Travis shrugged. "If that were a concern, a tsunami warning would have initiated other concerns to distract attention from our vessel."

I frowned, putting my hands on my hips. "But how do you know we're in Mexico?" I looked around. All I could see was gray ocean for miles. And this house seemed like any American house to me. . . except maybe the Mexican tile flooring on the fourth-floor balcony.

Also, all the homeowners' documents in the office are in English, not Spanish.

Plus, we were running so fast from the shore to this house, that we had no time to gaze at the people as we ran through the few blocks of houses. We only really saw backyards and a couple of streets, the backs of people running and speeding cars. Sure, there were Mexican folk running but also white and black and Asian and your usual diverse flavorings California normally offer. If Travis saw any street signs or license plates saying Tijuana, then that would certainly mean we were in Mexico. But if he simply spotted species of cacti floating in the water or a foreign flock of seagulls, then his argument that we were in Mexico would be unsound. What makes Travis believe we are in Mexico?

"Because. . ." Travis said, lying back down in a relaxed and futile position on the chaise lounge chair bench, "it's been days, and no one, and I mean no one, has come looking for us. If we were back home, we would have been rescued day one and you would have been helicoptered into the best hospital in the nation instead of received a home operation from your school friends. If we had drifted into a less affluent area in California, maybe we would have been rescued a day later. If we had drifted to an even less affluent area, maybe a couple days. . .

"But look around you," continued Travis, with a sad, defeatist smirk. He jumped to his feet and spread his arms to the empty ocean to prove me wrong. "There's nobody here. Nobody cares about this place, so no one's going to find us because no one will look here. We may be in a nice four-story house, but this is in no way a rich four-story neighborhood. This block is a strip of outliers. And I bet all the owners were smart enough to leave ahead of time. No one is coming for us. We're lost, and we will die in this house. Period."

I was in hot tears. I did look around me, and instantly I felt more scared than I had ever been in my life. I was hungry, and I knew I would get even hungrier. I was dehydrated from the lack of clean drinking water and I was drunk from the alternative of drinking alcohol. My stress was starting to cause tension and I was already afraid of my disloyal actions with the other boys in this house besides Jack. I also felt claustrophobic, I couldn't run away from here even if I tried. I was trapped. I wiped at my eyes but the tears kept coming.

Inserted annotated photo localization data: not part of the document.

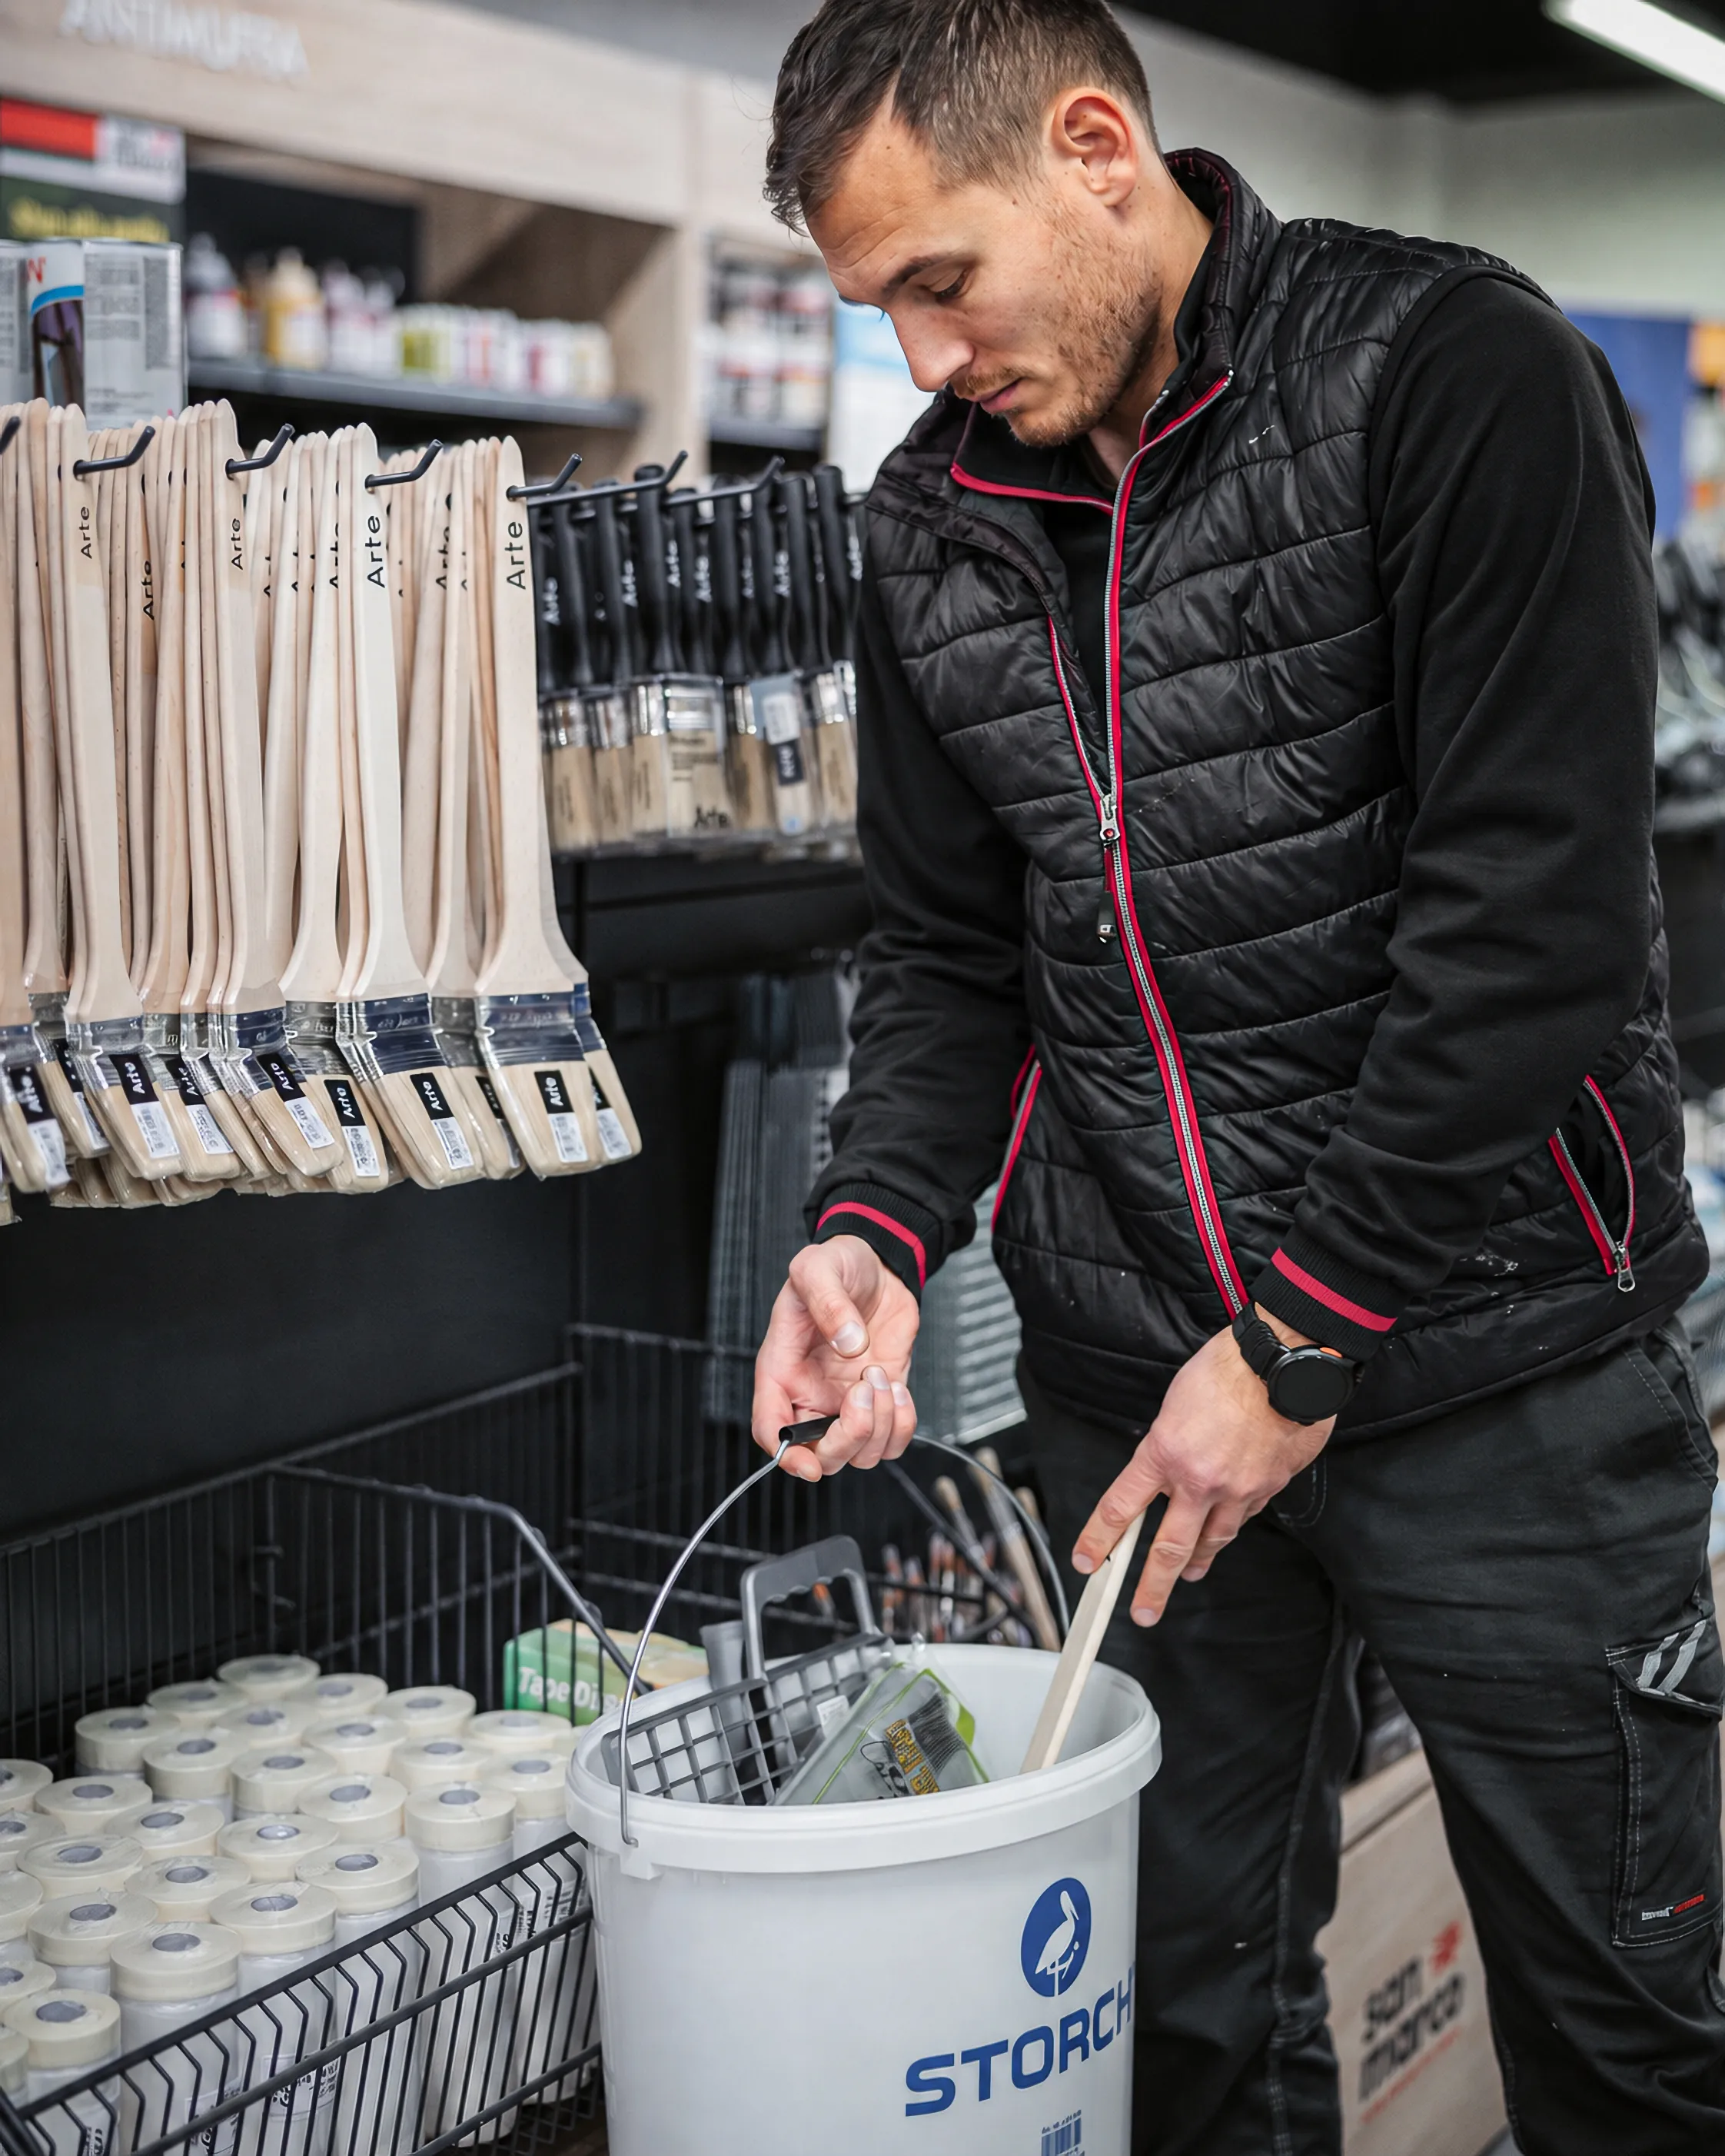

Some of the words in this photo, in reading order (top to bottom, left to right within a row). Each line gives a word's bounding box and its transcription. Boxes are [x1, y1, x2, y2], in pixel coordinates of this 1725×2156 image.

[78, 507, 92, 559] Arte
[231, 517, 244, 570] Arte
[365, 515, 386, 588] Arte
[504, 521, 526, 590] Arte
[141, 561, 155, 621] Arte
[906, 1961, 1135, 2117] STORCH

"But--" I said, shaking, "but we can help rescuers find us!"

"I wish there was a way," Travis said. And to my total surprise, Travis wrapped his arms around me in an awkward hug and patted me twice on the back.

When he moved away, my tears were on his shirt, and when I looked up in the sky, a light bulb lit up over my head. "Wait," I said. "What if there's a flare gun in the house."

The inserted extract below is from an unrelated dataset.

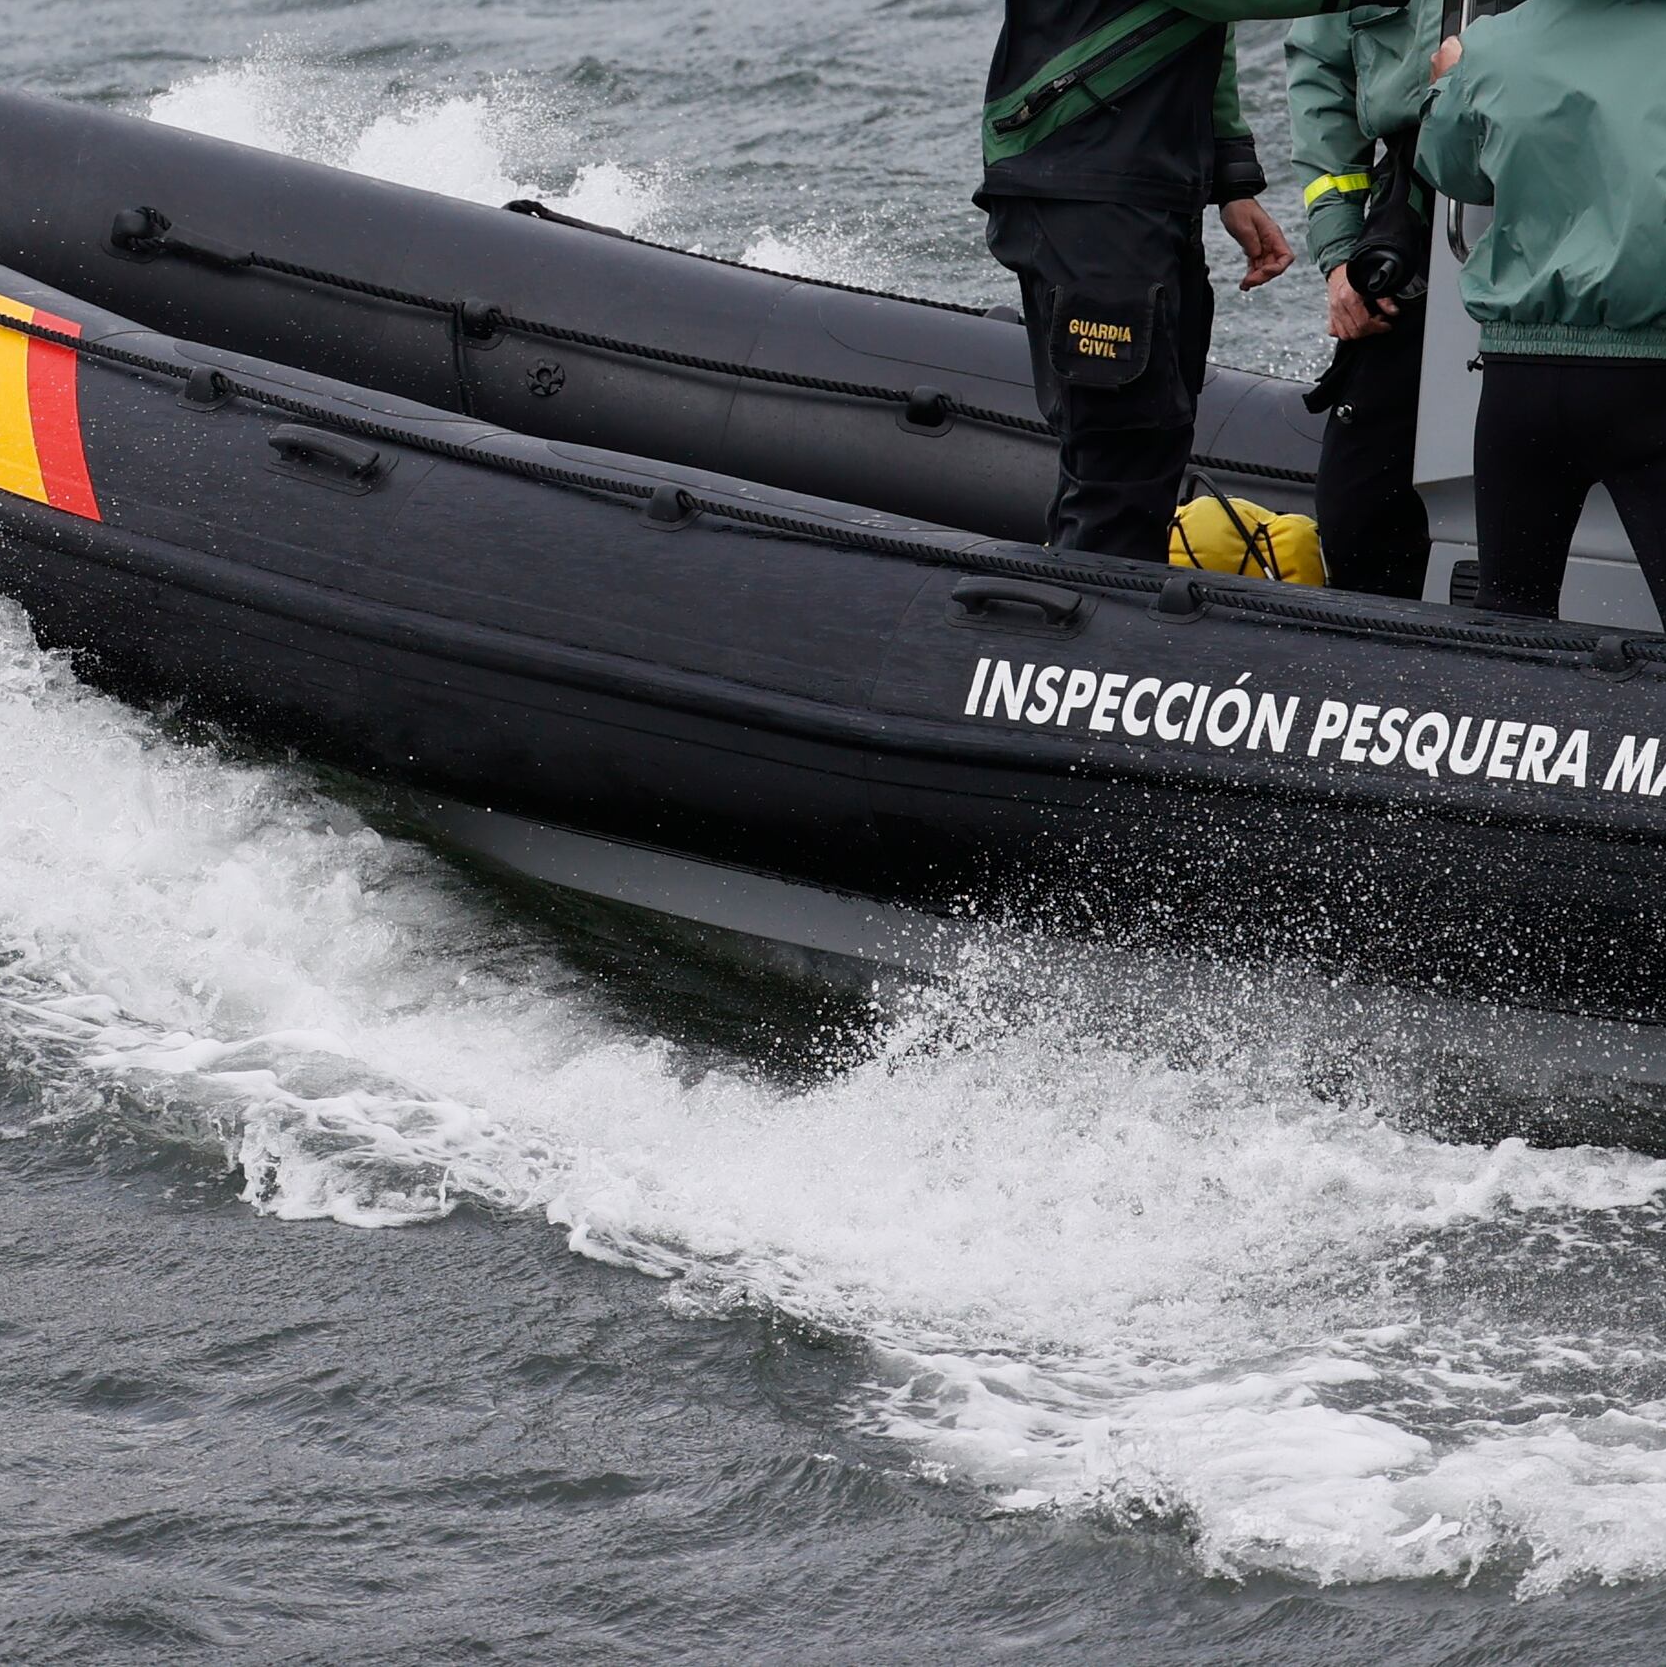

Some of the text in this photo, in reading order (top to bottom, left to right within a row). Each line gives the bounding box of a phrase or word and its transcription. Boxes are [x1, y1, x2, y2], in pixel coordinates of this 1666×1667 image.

[1068, 318, 1132, 343] GUARDIA
[1079, 338, 1116, 359] CIVIL
[963, 657, 1301, 754] INSPECCIÓN
[1306, 697, 1590, 788] PESQUERA

Travis gave a quiet laugh and shook his head. He put his hand on my shoulder and said, "There's no flare gun in this house."

I gulped the knot in my throat and shot him a hard look of determination. "But we should try to make one," I said.

It might have been my determination, or his engineerial passion that made his face suddenly glow, but his eyes lit up, and a smile stretched across his lips as he jumped to his tallest posture. "Now that idea--" he said, wagging his finger at me (you smart little darlin' you, Zara, girl) "--that idea just might work."

In an instant he grabbed my hand and pulled me to come help him find supplies downstairs. "We're gonna make something to light up the entire sky if it's the last thing we do!"

With Travis intrigued, I already knew I had accomplished something amazing.

Little did we know that this attempt to light up the sky would almost set our house on fire.